▶ **Exercise goal**: Transcribe the listing below exactly, leaving out each image.

▶ **Material for this exercise**:
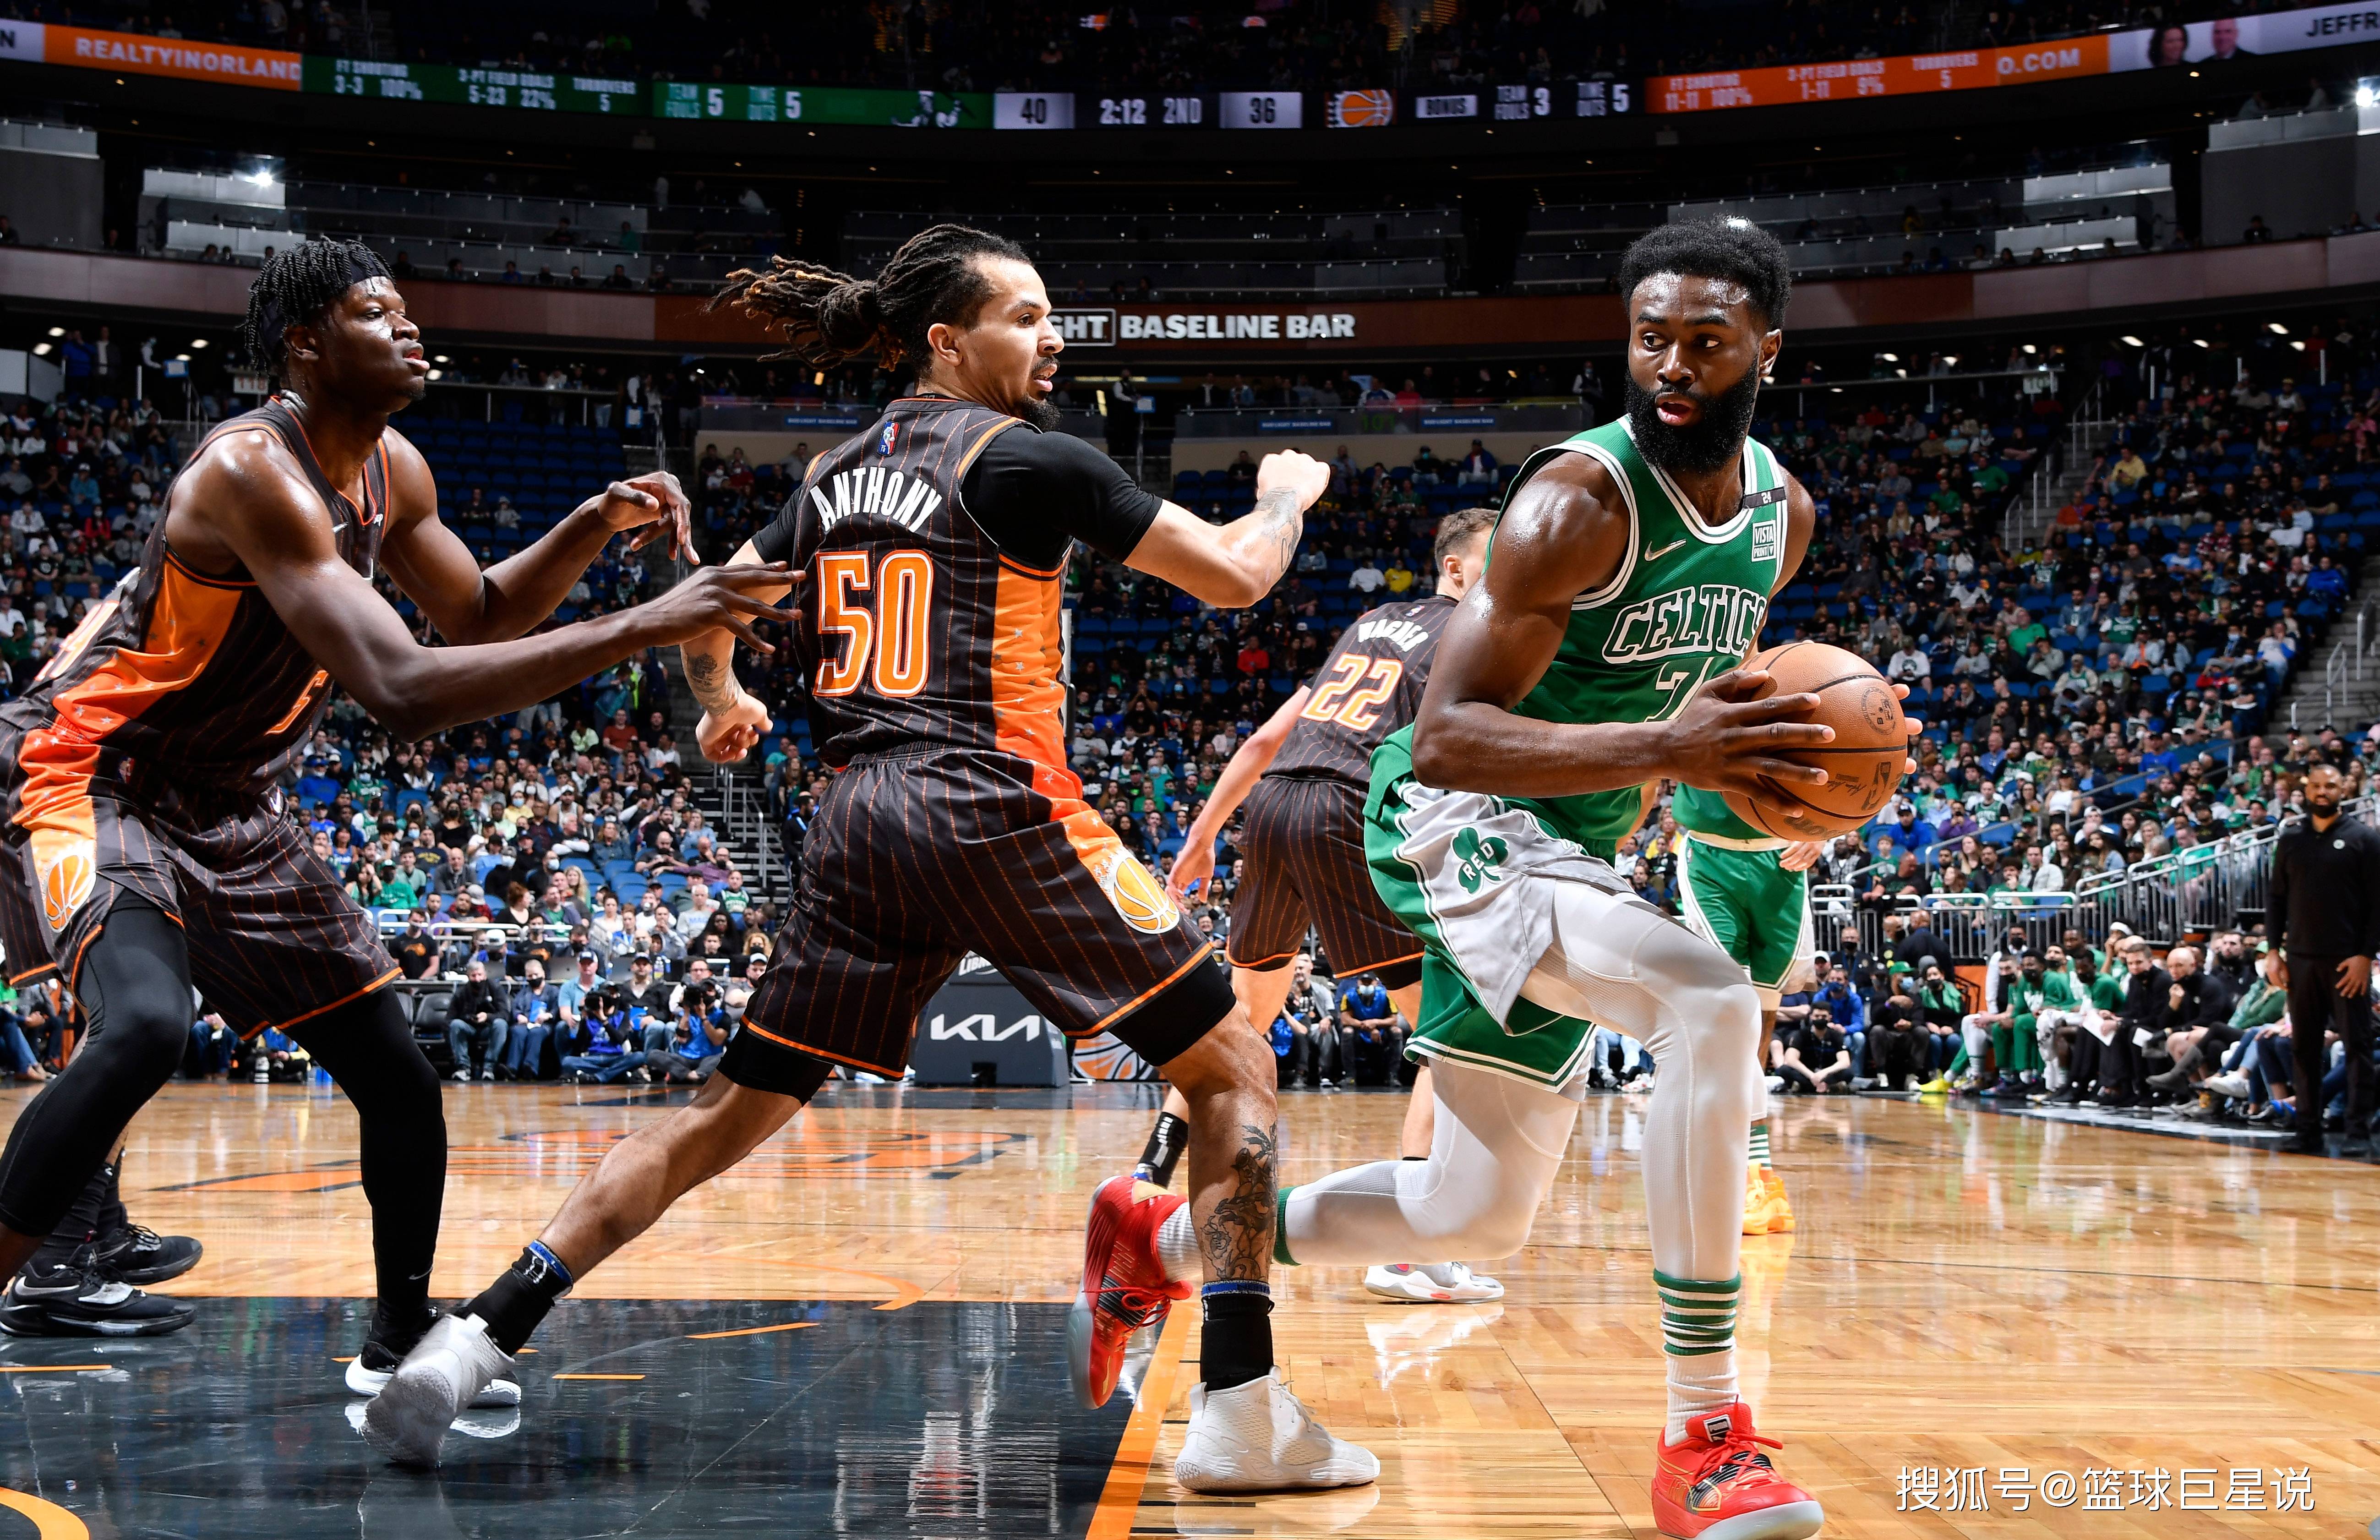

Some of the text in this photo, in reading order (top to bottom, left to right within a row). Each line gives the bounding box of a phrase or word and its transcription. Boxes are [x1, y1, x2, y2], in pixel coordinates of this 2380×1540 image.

[1996, 49, 2080, 74] O.COM
[599, 93, 611, 112] 5
[707, 87, 724, 116] 5
[785, 91, 801, 119] 5
[1021, 98, 1046, 124] 40
[1163, 98, 1201, 123] 2ND
[1250, 97, 1275, 123] 36
[1534, 87, 1550, 115] 3
[1612, 83, 1629, 112] 5
[1100, 99, 1145, 124] 2:12
[1120, 315, 1279, 339] BASELINE
[1286, 315, 1355, 338] BAR
[810, 466, 942, 532] ANTHONY
[1761, 491, 1772, 504] 24
[1754, 525, 1774, 544] VISTA
[1753, 547, 1769, 557] PRINT
[812, 549, 934, 698] 50
[1299, 653, 1403, 731] 22
[1643, 657, 1714, 723] 7
[1463, 842, 1494, 881] RED
[930, 1014, 1040, 1042] KIA

▶ **Answer to the exercise**:
Some of the text in this photo, in reading order (top to bottom, left to right within a row). Each line gives the bounding box of a phrase or word and its transcription. Boxes are [x1, y1, x2, y2], in pixel coordinates of this 2380×1540 image.

[1996, 49, 2080, 74] O.COM
[599, 93, 611, 112] 5
[707, 87, 724, 116] 5
[785, 91, 801, 119] 5
[1021, 98, 1046, 124] 40
[1163, 98, 1201, 123] 2ND
[1250, 97, 1275, 123] 36
[1534, 87, 1550, 115] 3
[1612, 83, 1629, 112] 5
[1100, 99, 1145, 124] 2:12
[1120, 315, 1279, 339] BASELINE
[1286, 315, 1355, 338] BAR
[810, 466, 942, 532] ANTHONY
[1761, 491, 1772, 504] 24
[1754, 525, 1774, 544] VISTA
[1753, 547, 1769, 557] PRINT
[812, 549, 934, 698] 50
[1299, 653, 1403, 731] 22
[1643, 657, 1714, 723] 7
[1463, 842, 1494, 881] RED
[930, 1014, 1040, 1042] KIA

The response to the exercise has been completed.